Too hot to handle?

AuthorMildenberg, David
PositionReal estate development in North Carolina - Includes related articles - Industry Overview

The Triangle is a hot real-estate market. But developers who recall the '80s are trying to keep their cool.

Craig Davis thought he was pretty hot stuff as a basketball player until David Thompson jumped over him to jam a dunk during a practice session his freshman year at N.C. State. That lesson in humility convinced the touted recruit, who succeeded Monte Towe as the Wolfpack's point guard, that his future probably lay off the basketball court.

A sense of one's limits also has helped Davis score some winning points in the Triangle commercial real-estate market, which has tripped up more than a few overly confident developers during the past decade. Davis foresaw a niche in the plain-Jane warehouse market, figuring out a way to stay active when most of his rivals were idle. "Our goal originally was to be the main warehouse supplier of RTP," he says. "We've now developed 1.7 million square feet of this kind of facility, which is saying something since there wasn't even 500,000 square feet in this market."

In both attitude and performance, Craig Davis exemplifies the sobering attitude sweeping real-estate development. What's remarkable is that such an attitude is prevalent even in the Triangle, arguably the hottest commercial real-estate market in the nation. This is, after all, the place Fortune magazine described as the best in the nation for "knowledge workers," that Ernst & Young's "MarketScore" rated the best for investing in commercial real estate, that a half-dozen other surveys and studies praised for its real-estate potential.

"There's nowhere else in the country that's doing this well," says Carlton Midyette, president of Carolantic Realty, one of Raleigh's biggest real-estate companies. Adds Davis, who has become one of the Triangle's top developers before he has turned 40: "We think the Raleigh-Durham market is uniquely positioned to grow."

Talk to folks in Charlotte and you'll hear the same thing about their city. "Charlotte has one of the tightest office and industrial markets in the nation," says Thomas O'Brien, senior managing director of CB Commercial Real Estate Group's North Carolina office. As of the end of last year, only three cities -- Columbus, Las Vegas and Washington -- of 54 markets CB Commercial surveyed had lower office vacancy rates in their central business districts.

Then how come everybody is so cautious?

The answer is, there are still a lot of people whose memories go beyond three months and whose enthusiasm is tempered by a harsh reality: A similar surge in optimism a decade ago led to a burst of development that caused such Triangle veterans as Smedes York, Roddy Jones and Harold Lichtin to get overextended and wind up losing properties to their lenders. And those are among the lucky ones who had pocketed enough to hang on and now stand poised to profit from this upturn. Others whose bank accounts got vacuumed are idle or making a living some other way.

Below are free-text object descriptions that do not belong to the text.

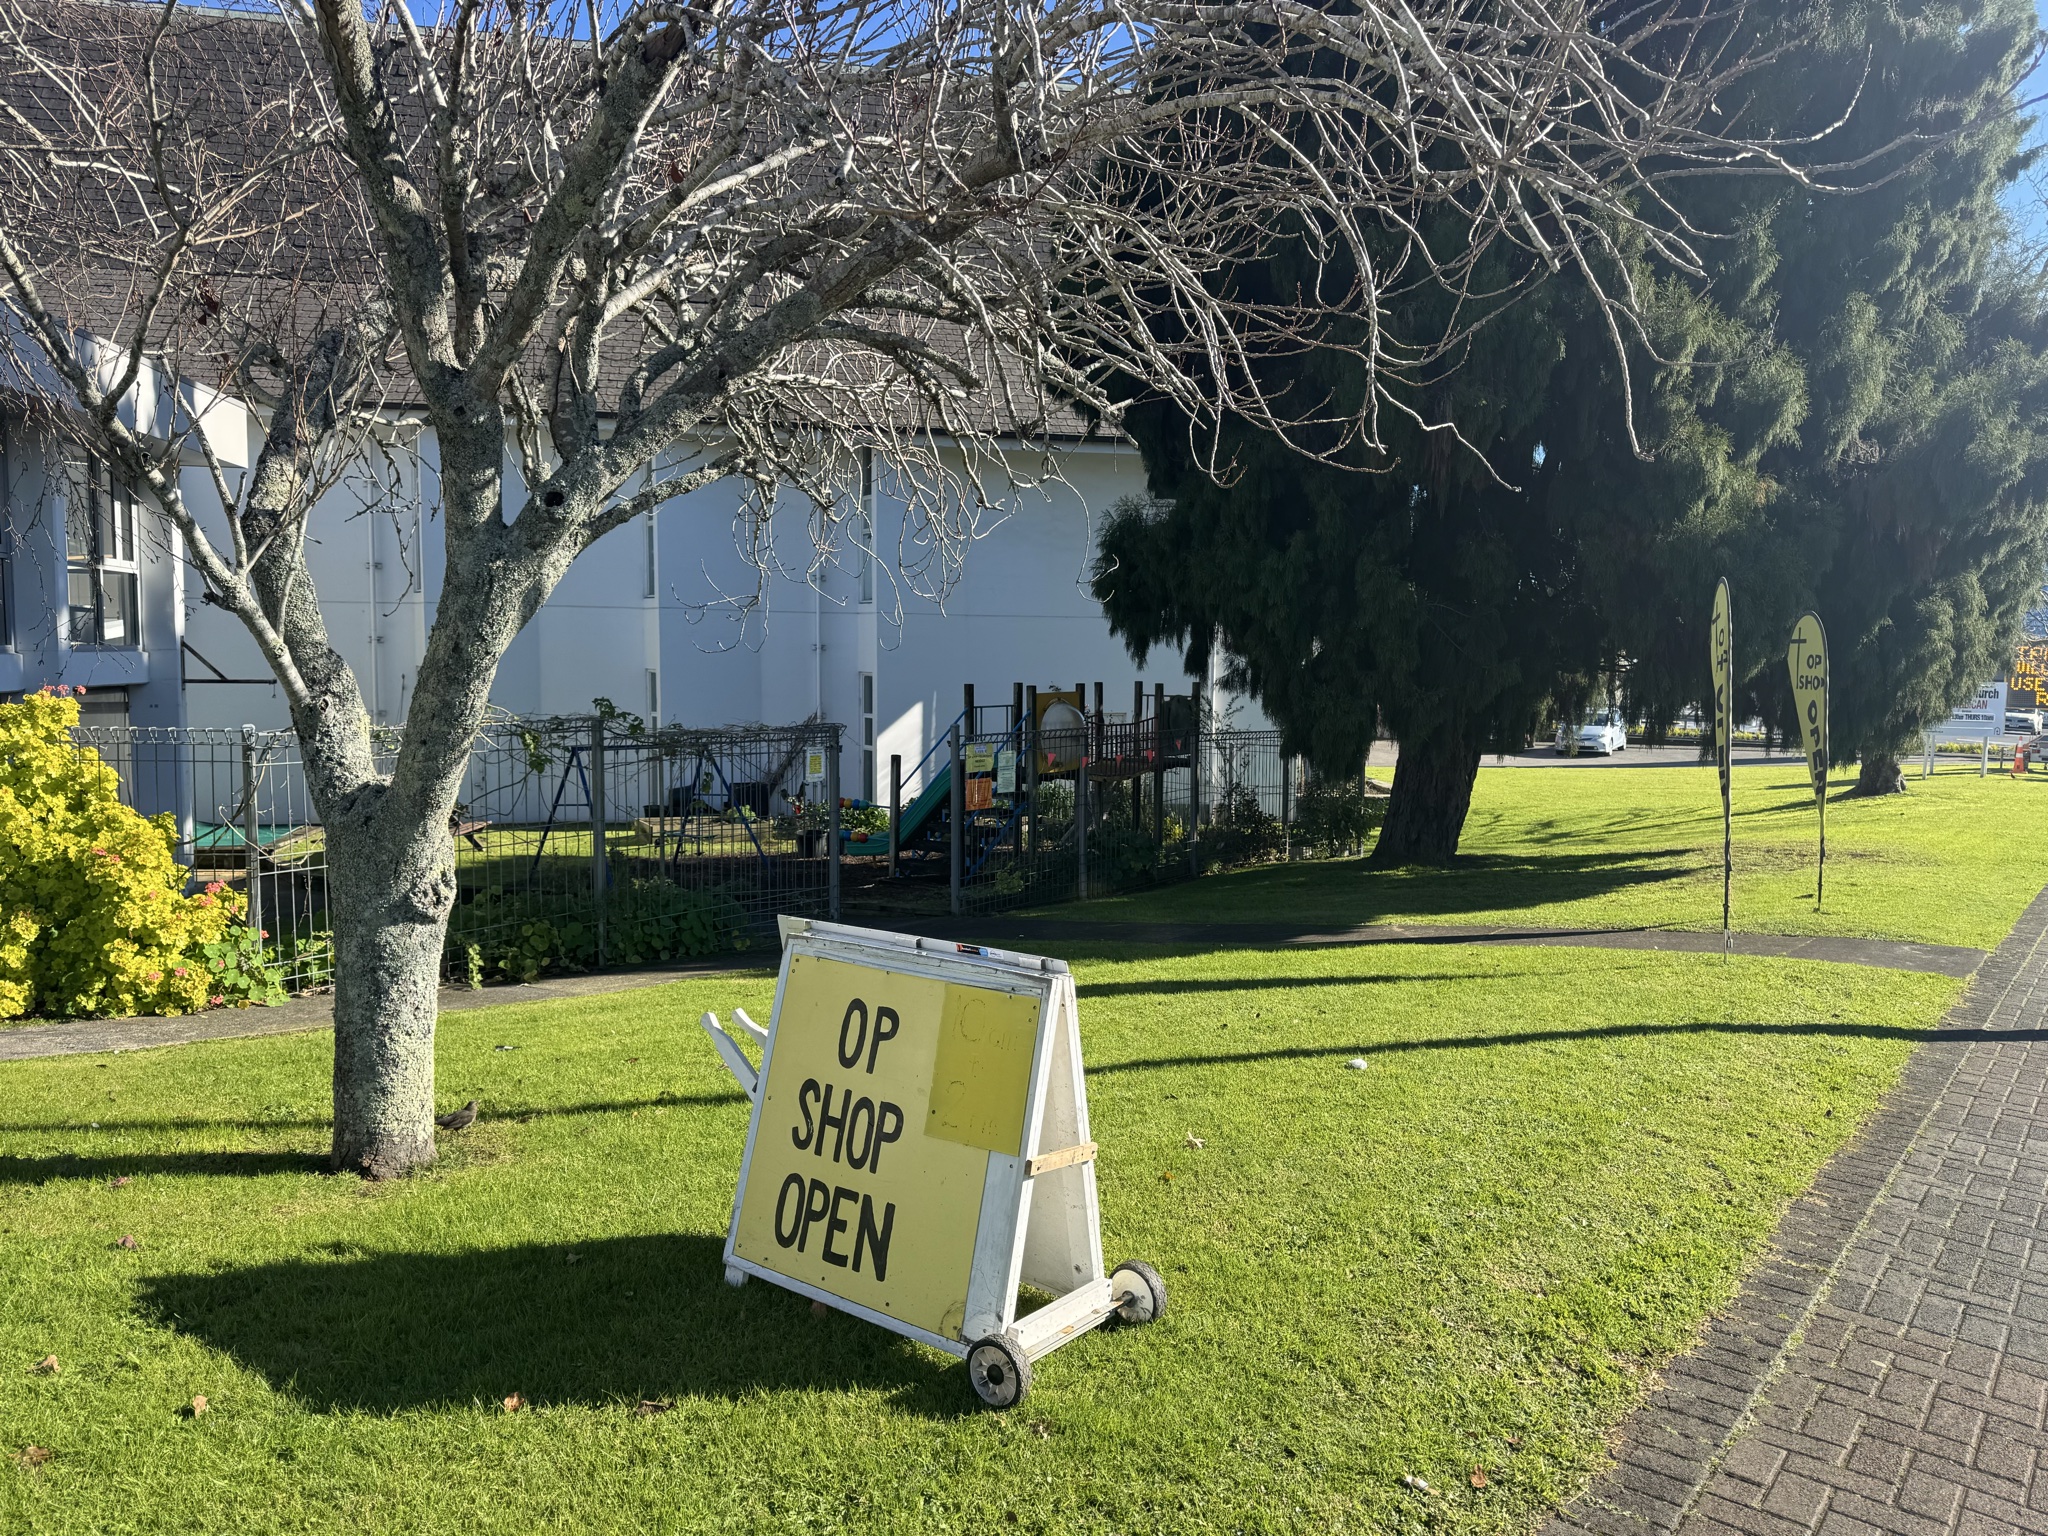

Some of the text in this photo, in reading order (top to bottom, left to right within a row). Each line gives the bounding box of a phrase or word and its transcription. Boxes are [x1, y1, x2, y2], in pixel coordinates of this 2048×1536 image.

[1806, 654, 1822, 670] OP
[2010, 677, 2046, 692] USE
[1808, 699, 1826, 796] OPEN
[838, 998, 900, 1074] OP
[792, 1078, 904, 1174] SHOP
[774, 1172, 896, 1282] OPEN

The new reality, survivors say, is that to make dirt move in the '90s -- even in the hottest markets in the country -- requires a thick wallet, a deep organization and a good deal of luck.

"Given the cost of land, you're not likely to see a new office project in Charlotte's central business district that is smaller than 300,000 to 400,000 square feet," O'Brien says. "That's a $35 million or $40 million investment, so it's not a simple decision. And lenders ask developers all kinds of hard questions nowadays, like how are you going to pay the money back."

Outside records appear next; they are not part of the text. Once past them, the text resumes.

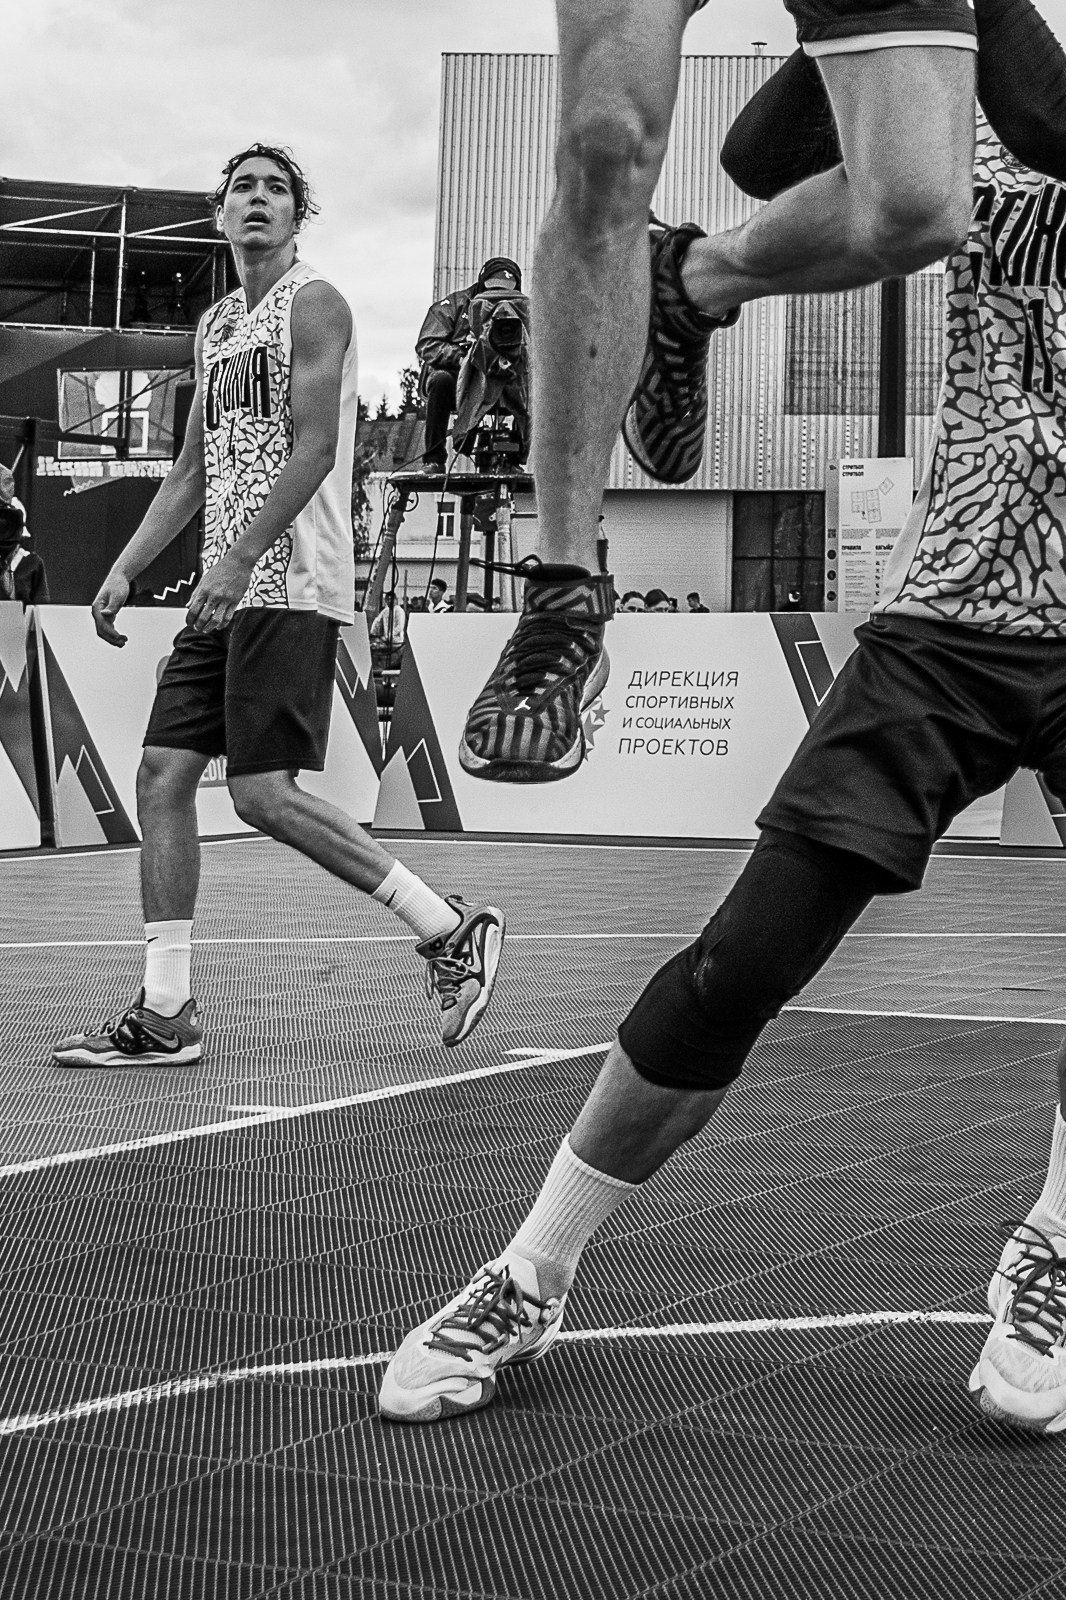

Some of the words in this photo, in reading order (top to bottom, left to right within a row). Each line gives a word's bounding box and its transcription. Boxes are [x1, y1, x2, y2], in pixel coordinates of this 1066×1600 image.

[627, 670, 740, 690] ДИРЕКЦИЯ
[625, 695, 735, 710] СПОРТИВНЫХ
[622, 717, 633, 729] И
[635, 717, 732, 731] СОЦИАЛЬНЫХ
[618, 737, 730, 756] ПРОЕКТОВ

While bankers say that the money is flowing more freely, they concede there's considerable wariness about real-estate lending. "The bad loans are made in good times," says Jim Beck, president of Alabama-based Southtrust Corp.'s Raleigh bank. "Banks again seem to be going after the best deals with the best developers. And 'best' now means those developers that are left."

The fortunate survivors have well-heeled, patient financial backing. For example, Connecticut-based GE Capital is the money behind Craig Davis Properties' Research Tri-Center Park -- a massive conglomeration of warehouses adjacent to Research Triangle Park. The Pitcarin family of Pennsylvania, PP&G heirs, are backing Lichtin, whose developments include Interchange Plaza, an office park aimed at small companies that want to be close to, but not inside, RTP. New York investor Jack Parker owns Parker Lincoln Developers, which has scooped up a variety of Triangle office, retail and manufacturing developments in the past year.

Most agree that it's a much saner market than 12 to 15 years ago, when vacancy rates were similar. Back then, almost anyone able to do lunch with an S&L executive or limited-partnership syndicator could get a project going. Largely due to the beneficence of those S&Ls and deal makers, Midyette notes, there were 25 to 30 investor groups capable of building a 25,000-square-foot, multitenant office building in the Triangle. At the peak of the cycle, 1985-86, as many as 16 office buildings were under construction, each aimed at landing part of IBM as a tenant.

Now, with fewer lenders and tax-code changes making real-estate investing much less lucrative, no more than three or four such groups remain in the Triangle, Midyette says. Speculative office and warehouse projects can be counted on one hand. "A lot of people are dead and buried because of what happened here," he says. "Others can't get financing or don't have the will, pre-leasing, equity or organization to pull off a project."